The distilled understanding of the verse is that there is "none righteous, not even one" (Romans 3:10) - the rest of the doctrine, whether Catholic or Reformed - is a human construction used to explain how it works.
The Catholics define "original sin" as an hereditary "stain" which we are personally born with. It was passed on progenitically (from parent to child - generation to generation) from Adam to us. The stain itself is described as a lack of "sanctifying grace."
For those of you who are unfamiliar with Catholic dogma, "sanctifying grace" is regarded in a practical sense, as something that is possessed by one's soul when one is in a "state of grace." Anyone who is in a "perfect state of grace" at the time of their demise will go directly to heaven, anyone whose soul lacks grace entirely will go to hell, and anyone in between goes to purgatory. This is a greatly simplified explanation - my intent is not to define Catholicism, but to provide enough background information that their take on original sin is comprehensible. Original sin (according to the Catholic understanding) is described as the absence of this "sanctifying grace."
According to Rome, Adam lost this capacity in his own soul, and passed it on to all his children, who passed it on to their own children.
Reformed theology teaches something called "Federal Headship" - the idea is taken from the interaction between Abraham and Melchizedek. When Melchizedek blessed Abraham he was inadvertently blessing everyone who would come from Abraham's loins - including Levi - since all of Abraham's offspring were present in that sense when Melchizedek blessed Abraham. Since the greater blesses the lesser, and it was Melchizedek who was blessing Levi (through Abraham), the author of Hebrews reasoned that Melchizedek's ministry was superior to the Levitical priesthood, and therefore Christ, who is a Priest forever according to the order of Melchizedek, has a ministry that is superior to that of the Levitical priesthood.
Federal Headship builds upon this idea. In 1 Corinthians 15:22 we hear Paul say that "in Adam" all die; Reformed Theology interprets this to mean that since all the human race was in Adam at the time Adam sinned - that "all sinned in Adam" - that is, that everyone born from Adam is culpable for Adam's sin. In this way, we are all born condemned by Adam's sin, which is federally imputed to us such that even if we were to live sinless lives - we would still go to hell on account of Adam's sin.

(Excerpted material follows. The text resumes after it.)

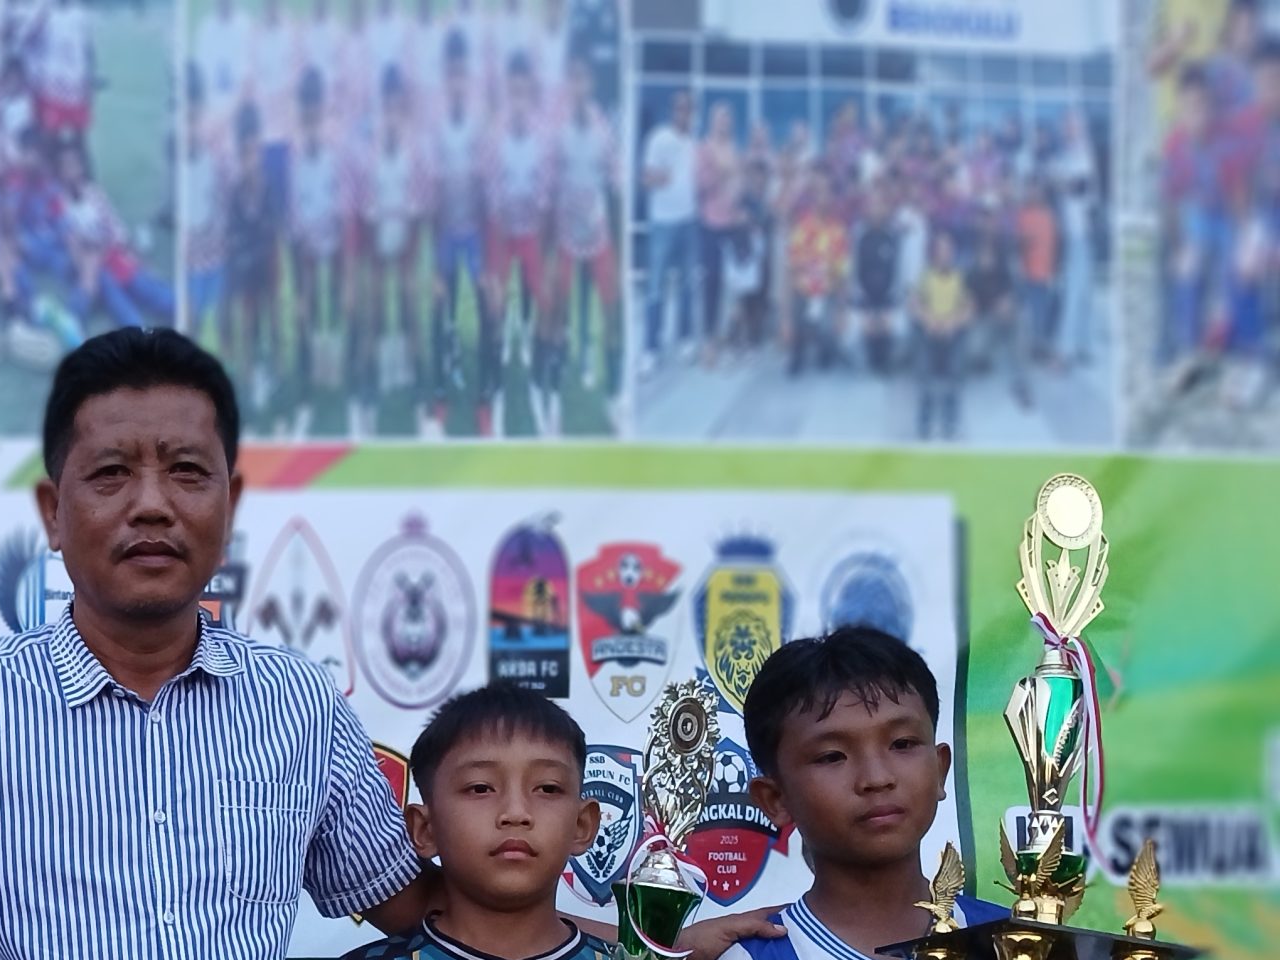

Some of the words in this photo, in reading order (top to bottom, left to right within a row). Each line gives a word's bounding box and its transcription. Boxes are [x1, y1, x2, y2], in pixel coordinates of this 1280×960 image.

[610, 676, 646, 697] FC
[708, 852, 747, 862] FOOTBALL
[717, 865, 737, 875] CLUB

This contradicts scriptures such as Deuteronomy 24:16 (“Fathers shall not be put to death for their children, nor shall children be put to death for their fathers; a person shall be put to death for his own sin.") and Ezekiel 18:20 ("The person who sins will die. The son will not bear the punishment for the father's iniquity, nor will the father bear the punishment for the son's iniquity; the righteousness of the righteous will be upon himself, and the wickedness of the wicked will be upon himself.") Likewise verses such as Jeremiah 31:30a ("But everyone will die for his own iniquity..."), 2 Chronicles 25:4, 2 Kings 14:6 echo the teaching. Some might argue that verses such as Exodus 34:7 ("keeping mercy for thousands, forgiving iniquity and transgression and sin, by no means clearing the guilty, visiting the iniquity of the fathers upon the children and the children’s children to the third and the fourth generation.”) show that sometimes God punishes the children for the sins of the parents - but such a position is indefensible - the verses that speak of condemnation agree - no one is condemned for the sins of another. The verses that speak about God "visiting the iniquity" of the fathers upon the sons etc. is not speaking in the condemnational sense, but rather in the temporal sense. An abusive father typically passes on that sinful behavior to his children - the idea being that our sin habits affect not only us - but are visited upon our children.
Either way, that is a digression - the reformed position is that original sin is also passed along from one generation to the next.
Both the Catholic and the Reformed positions on original sin stem from Augustine's battle with Pelagius over Augustine's published prayer "Grant what you command, and command what you desire." Pelagius was beside himself because Augustine was saying that men do not have the ability to obey God, and Pelagius believed that it would not be just for God to command anything unless men had the ability to obey the command. Augustine's argument was that men still had free will, but lacked moral liberty. The Catholics worked that out practically as the soul lacking "sanctifying grace" the reformers worked it out that men are born totally depraved being already culpable for Adam's sin at the moment of conception.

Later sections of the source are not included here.